The situation led to Butler’s exit last November to join his son’s challenger station In Demand, with around £1,000 still owed after not being paid for five months.

Linda McDermott (left) also spoke to the Echo – she joined the station in October 2024 and said her experience was similar to Butler’s, and that she too had verbally agreed to an informal invoice process that they would be paid on a show-by-show basis.

McDermott, who hosted Under the Duvet Club for BBC Radio Merseyside for 16 years, said that, like Butler, she believed in the station’s vision and appreciated the economic realities surrounding local radio. She told the ECHO: “Things started to go awry when we stopped being paid in about the late spring of 2025.”

McDermott added that she initially stuck by the station out of loyalty and a belief in its vision, but ultimately quit at the end of 2025, owed seven months and “feeling exploited that your own kindness and generosity of spirit was being abused.”

The veteran DJ said she is still owed “thousands” of pounds from her broadcasts on the station, although she had been assured she would receive payment.
McDermott joined the station at a difficult time in her life after the death of her husband, Johnny Kennedy, in 2024 and said she was still in “the depths of grief”. She added: “Being back on radio was the furthest thing I could think to cope with.”

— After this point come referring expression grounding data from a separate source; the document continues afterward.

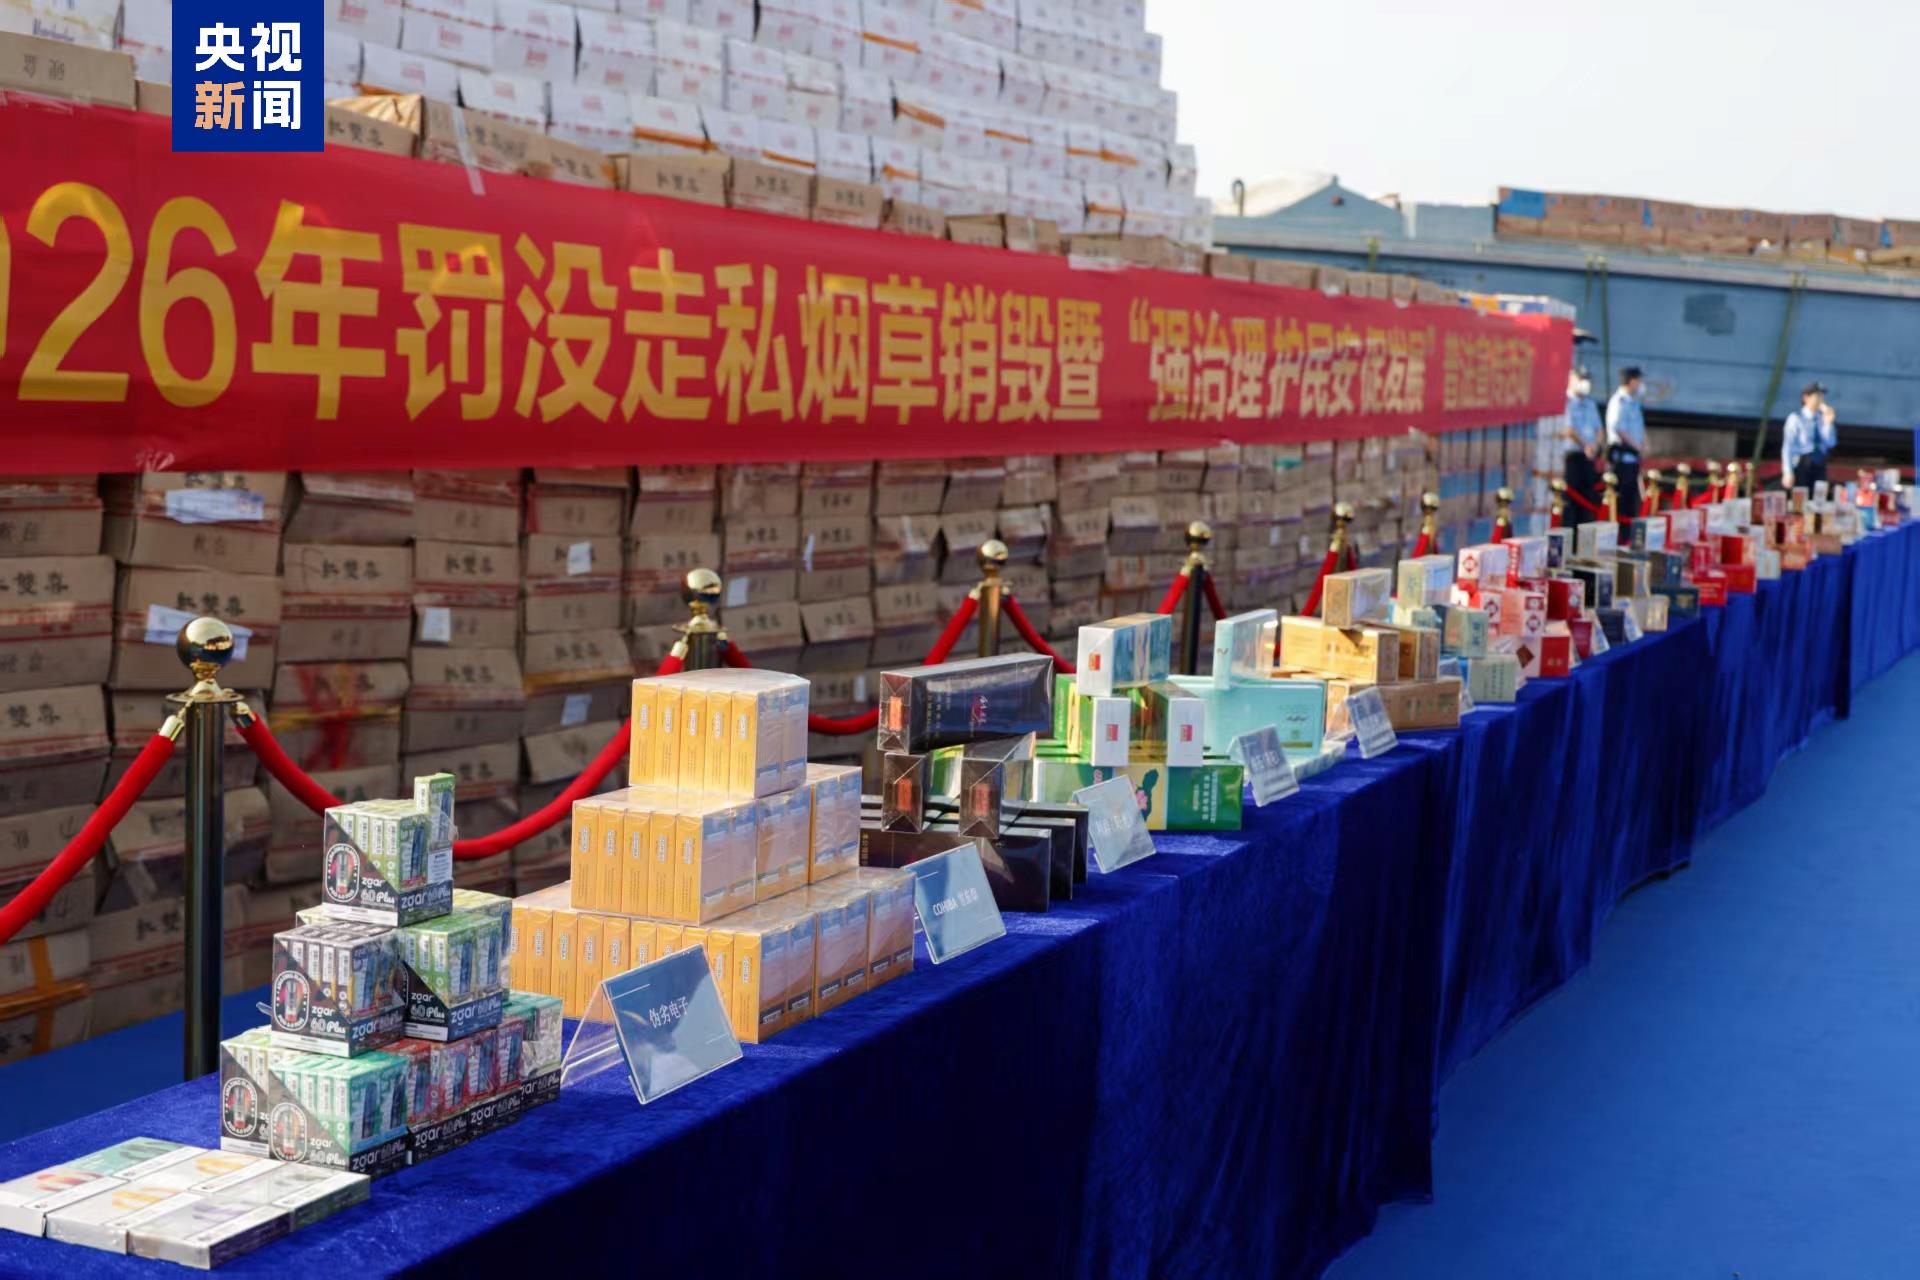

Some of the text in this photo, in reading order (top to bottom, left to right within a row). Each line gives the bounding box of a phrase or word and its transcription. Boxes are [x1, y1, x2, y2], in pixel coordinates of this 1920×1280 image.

[0, 181, 1104, 424] 26年罚没走私烟草销毁暨
[361, 877, 386, 889] zgar
[401, 891, 427, 912] zgar
[411, 993, 433, 1004] zgar
[311, 1006, 336, 1017] zgar
[451, 1006, 477, 1025] zgar
[352, 1020, 377, 1041] zgar
[470, 1104, 497, 1126] zgar
[310, 1137, 334, 1150] zgar
[415, 1127, 440, 1149] zgar
[352, 1150, 379, 1172] zgar

The latest two BBC vets to leave Liverpool live were Frankie Connor (bottom right) and Roger Lyon, who both called it a day in April of this year. Lyon joined the station in 2024 and told the Echo the final straw came when Connor was unable to access the Liverpool Live studio, on Norfolk Street in the Baltic Triangle, due to an apparent broken lock: “That turned out to be our final weekend. We haven’t done a programme since.”

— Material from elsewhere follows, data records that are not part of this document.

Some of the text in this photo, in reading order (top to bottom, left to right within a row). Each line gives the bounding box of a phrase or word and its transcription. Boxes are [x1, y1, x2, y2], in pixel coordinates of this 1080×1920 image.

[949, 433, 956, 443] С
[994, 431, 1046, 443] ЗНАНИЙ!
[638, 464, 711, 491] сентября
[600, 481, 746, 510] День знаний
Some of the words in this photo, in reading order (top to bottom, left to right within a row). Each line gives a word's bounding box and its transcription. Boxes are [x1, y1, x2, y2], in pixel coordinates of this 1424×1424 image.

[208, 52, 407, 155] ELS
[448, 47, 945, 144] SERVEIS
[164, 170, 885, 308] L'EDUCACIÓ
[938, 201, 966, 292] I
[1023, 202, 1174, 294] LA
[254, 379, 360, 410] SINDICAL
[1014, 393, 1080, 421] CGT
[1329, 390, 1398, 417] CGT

Lyon claimed that the city centre studio is no longer in use, although the station continues to broadcast as of this morning, which led him to quit Liverpool Live as he had no interest in broadcasting from home.

He told the Echo: “Frankie and I said, ‘That’s not what we signed up to do.’ We haven’t got the facilities at home to do it, nor have we got the inclination. So I said we’re not carrying on. What we would like is for you to pay us what you owe us and then we’ll say thank you very much. Since then I’ve heard nothing from him.”

He added: “The downside for me was that it was such a massive missed opportunity. That was the tragedy for me.”

Prolific North has approached Liverpool Live for comment.